§ **TO DO**
I would like the entries transcribed word for word, please, with the pictures removed.

§ **DATA EXTRACTS**
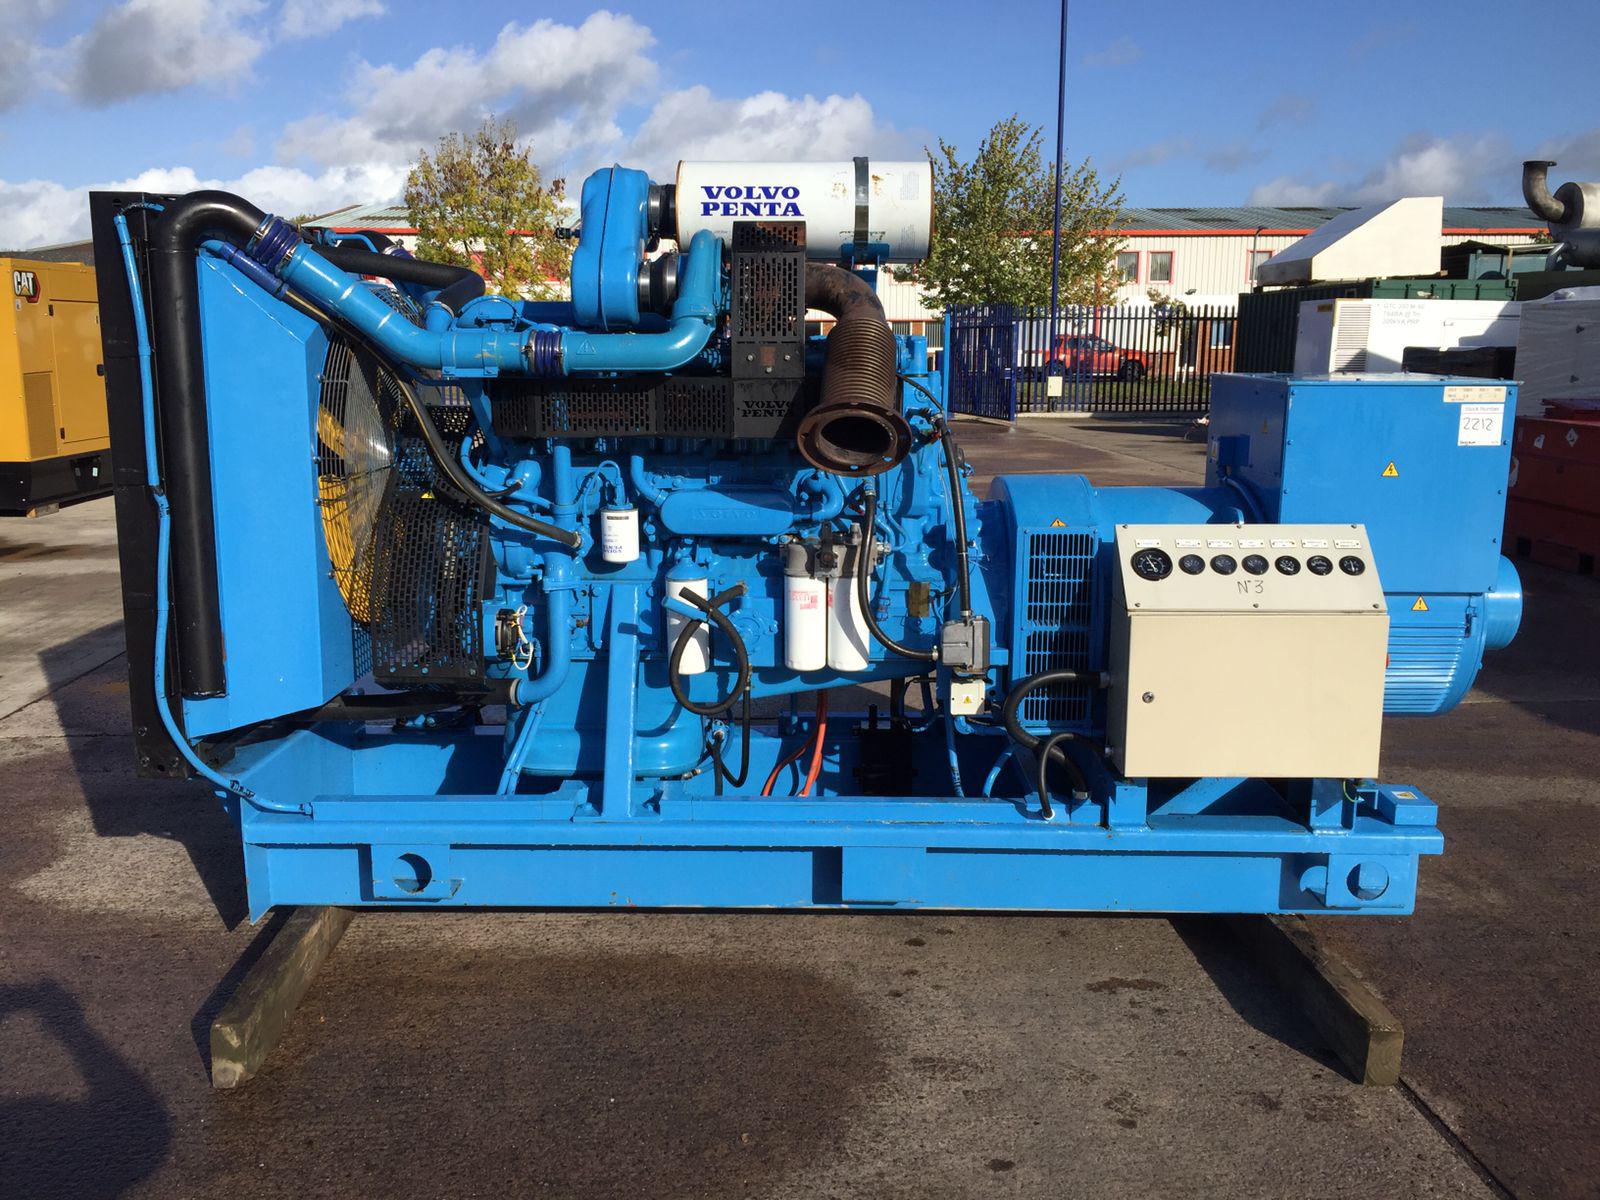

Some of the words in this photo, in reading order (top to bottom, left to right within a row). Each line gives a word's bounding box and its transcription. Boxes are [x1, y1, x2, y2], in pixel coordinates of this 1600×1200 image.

[701, 186, 800, 199] VOLVO
[701, 202, 804, 216] PENTA
[14, 271, 34, 296] CAT
[743, 400, 794, 409] VOLVO
[742, 410, 795, 418] PENTA
[1463, 417, 1493, 431] 2212
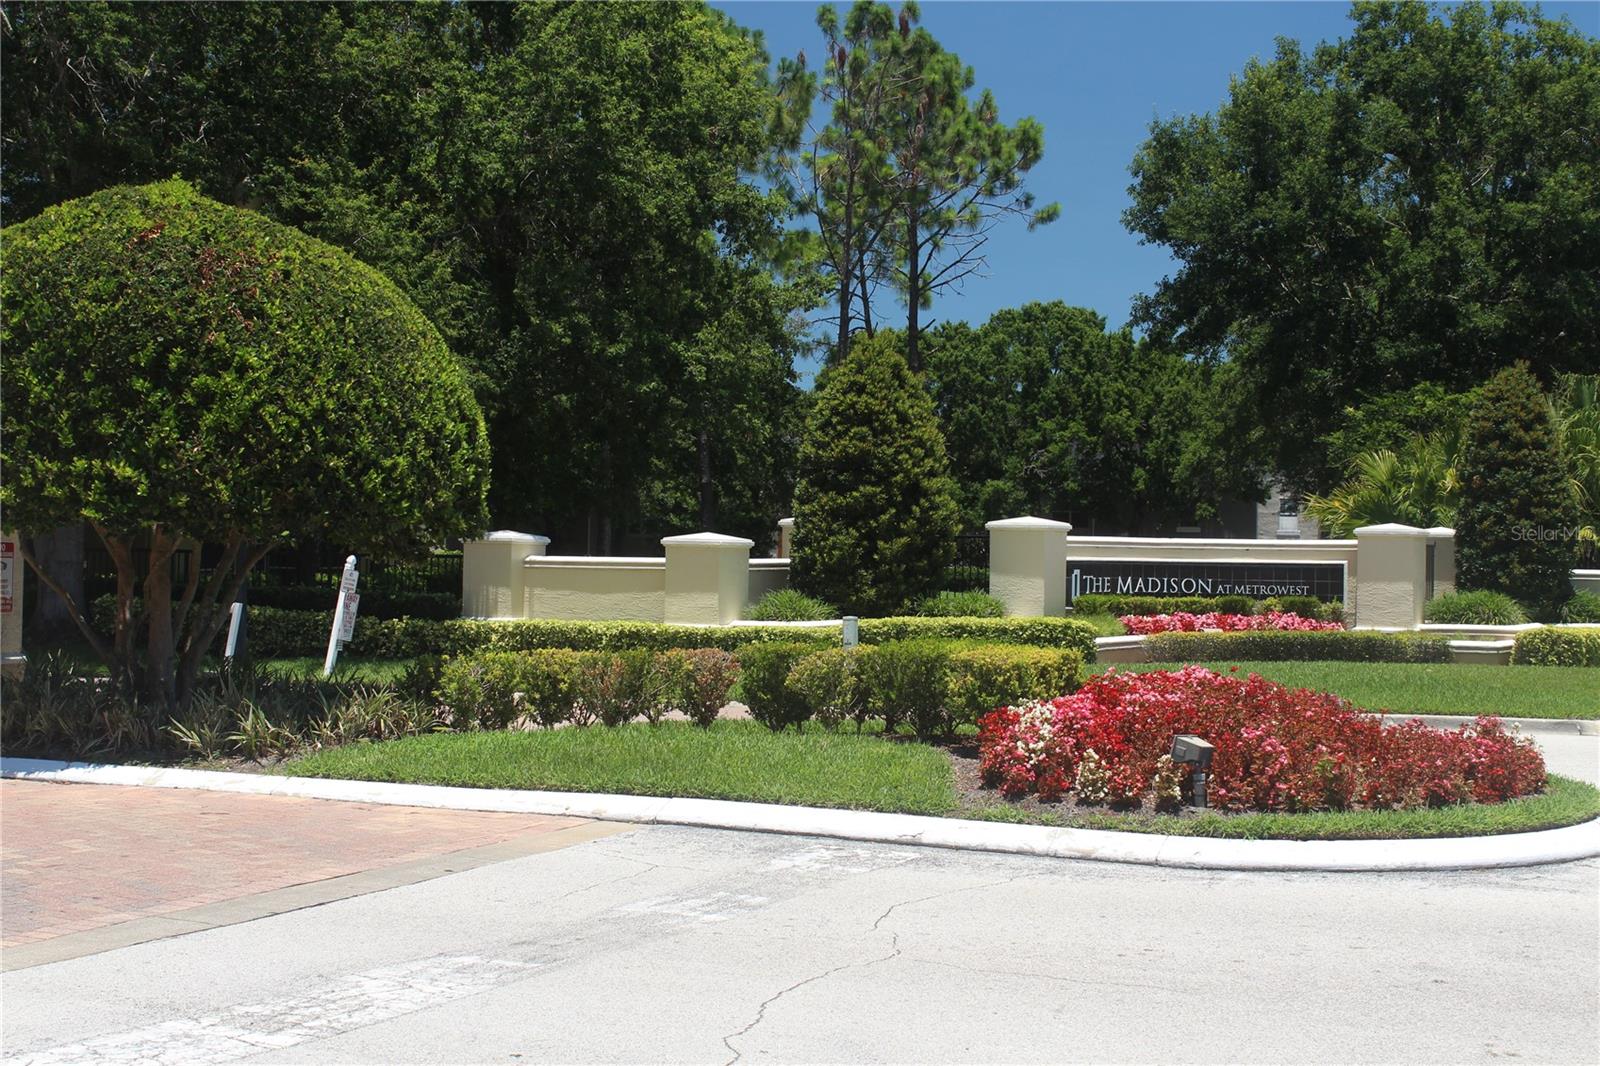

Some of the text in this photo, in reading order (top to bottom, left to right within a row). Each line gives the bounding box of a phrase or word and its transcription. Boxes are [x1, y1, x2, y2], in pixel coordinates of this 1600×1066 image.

[1083, 575, 1310, 595] THE MADISON AT METROWEST

§ **RESPONSE**
Some of the words in this photo, in reading order (top to bottom, left to right within a row). Each line gives a word's bounding box and its transcription. Boxes are [x1, y1, x2, y2], in pixel coordinates of this 1600×1200 image.

[701, 186, 800, 199] VOLVO
[701, 202, 804, 216] PENTA
[14, 271, 34, 296] CAT
[743, 400, 794, 409] VOLVO
[742, 410, 795, 418] PENTA
[1463, 417, 1493, 431] 2212

Some of the text in this photo, in reading order (top to bottom, left to right within a row). Each line gives the bounding box of a phrase or word and its transcription. Boxes are [x1, y1, x2, y2], in pixel coordinates of this 1600×1066 image.

[1083, 575, 1310, 595] THE MADISON AT METROWEST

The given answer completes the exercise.